This repository is the codebase of a paper "A Simple and Scalable Graph Neural Network for Large Directed Graphs".
- GNN using all the combinations of aggregated features and adjacency lists in directed/undirected graphs
- A2DUG
- GNN for undirected graphs
- GNN for directed graphs
- Methods using adjacency lists as node features
The A2DUG codebase uses the following dependencies:
- python 3 (tested with 3.8)
- numpy (tested with 1.23.4)
- pytorch (tested with 1.11.0)
We recommend installing using conda. The following will install all dependencies:
git clone https://github.com/seijimaekawa/A2DUG.git
cd A2DUG
conda create --name a2dug python=3.8
conda activate a2dug
conda install pytorch==1.11.0 cudatoolkit=11.3 -c pytorch
pip install -r requirements.txt
You can run the code using the best parameter set used in our paper:
python src/main.py --model A2DUG --dataset arxiv-year
For large-scale graphs (snap-patents, pokec, and wiki), you can use --minibatch
option as follows:
python src/main.py --model A2DUG --dataset pokec --minibatch
The code saves the experimental results into experiments/
.
For methods that can input a graph as either directed or undirected (LINK, LINKX, and GloGNN++), you can specify --directed
option as follows:
python src/main.py --model LINKX --dataset arxiv-year --directed
If you do not specify the option, an input graph is used as undirected.
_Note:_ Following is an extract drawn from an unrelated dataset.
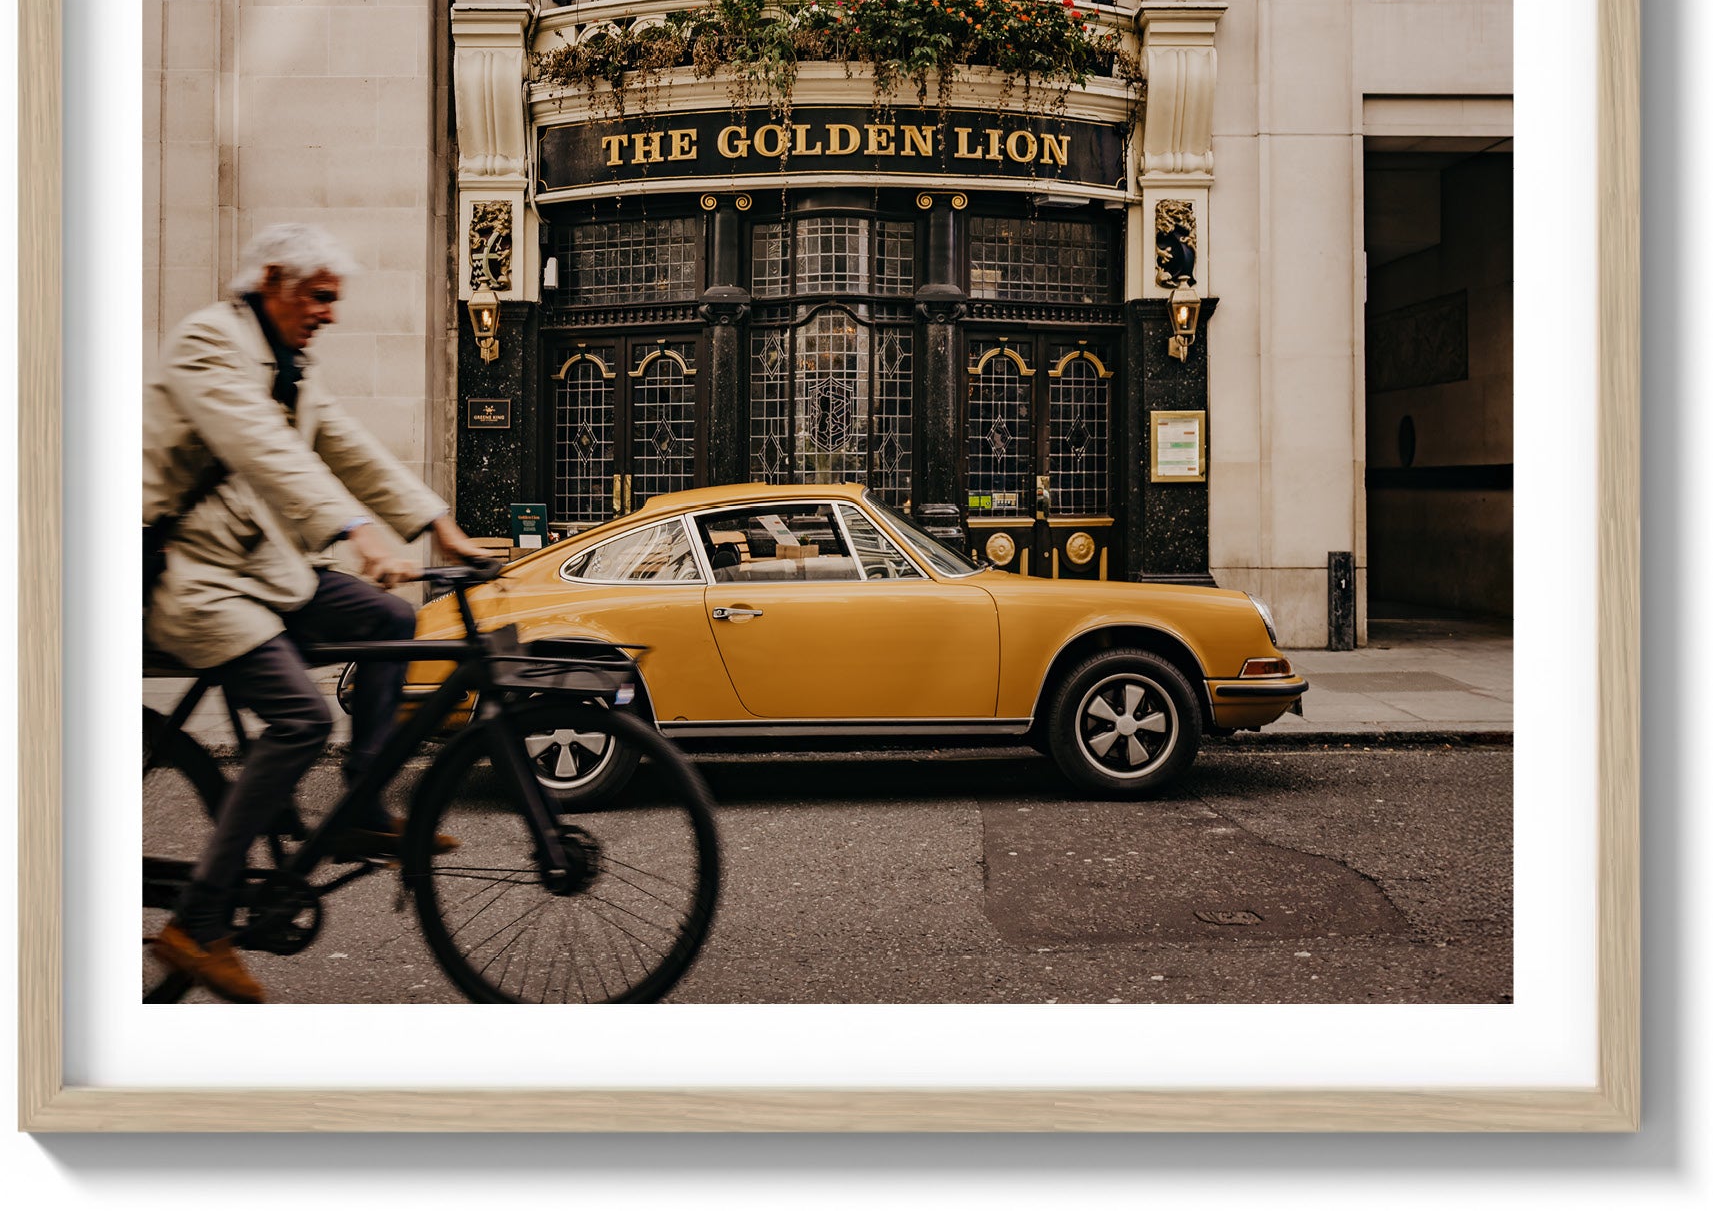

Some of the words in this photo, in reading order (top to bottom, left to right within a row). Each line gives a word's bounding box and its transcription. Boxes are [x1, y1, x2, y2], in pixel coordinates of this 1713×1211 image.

[601, 128, 698, 166] THE
[716, 123, 937, 159] GOLDEN
[954, 127, 1071, 166] LION
[1340, 578, 1346, 589] 1
To reproduce the ablation study in the paper, you can run A2DUG
with --wo_direction
, --wo_undirected
, --wo_agg
, --wo_adj
, or --wo_transpose
as follows:
python src/main.py --model A2DUG --dataset arxiv-year --wo_directed
python src/main.py --model A2DUG --dataset arxiv-year --wo_undirected
python src/main.py --model A2DUG --dataset arxiv-year --wo_agg
python src/main.py --model A2DUG --dataset arxiv-year --wo_adj
python src/main.py --model A2DUG --dataset arxiv-year --wo_transpose
The hyperparameter search space for each model is listed in json files.
Also, we show the best parameter sets used in Table 2, 3, 4, 5, and 9 in the paper.
cd A2DUG
python src/main.py --model A2DUG --dataset arxiv-year --optuna
The code loads the hyperparameter search space specified in the json files. After 100 runs, the code saves the best parameter set to the folder: best parameter sets.
This framework allows users to use real-world datasets as follows:
Dataset | Nodes | Edges | Undirected Edges | Attributes | Labels | Prediction Target |
---|---|---|---|---|---|---|
cornell | 183 | 298 | 280 | 1,703 | 5 | web page catefogy |
texas | 183 | 325 | 295 | 1,703 | 5 | web page catefogy |
wisconsin | 251 | 515 | 466 | 1,703 | 5 | web page catefogy |
citeseer | 3,327 | 4,715 | 4,660 | 3,703 | 6 | research field |
cora_ml | 2,995 | 8,416 | 8,158 | 2,879 | 7 | research field |
chameleon-filtered | 890 | 13,584 | 8,904 | 2,325 | 5 | web page traffic |
squirrel-filtered | 2,223 | 65,718 | 47,138 | 2,089 | 5 | web page traffic |
genius | 421,961 | 984,979 | 922,868 | 12 | 2 | marked act. |
ogbn-arxiv | 169,343 | 1,166,243 | 1,157,799 | 128 | 40 | research field |
arxiv-year | 169,343 | 1,166,243 | 1,157,799 | 128 | 5 | publication year |
snap-patents | 2,923,922 | 13,975,788 | 13,972,547 | 269 | 5 | time granted |
pokec | 1,632,803 | 30,622,564 | 22,301,964 | 65 | 2 | gender |
wiki | 1,925,342 | 303,434,860 | 242,605,360 | 600 | 5 | total page views |
By changing --dataset [dataset name]
, users can choose a dataset.
We provide a Jupyter notebook for calculating edge homophily ratios.
We assume that all experiments are conducted with a single NVIDIA A100-PCIE-40GB.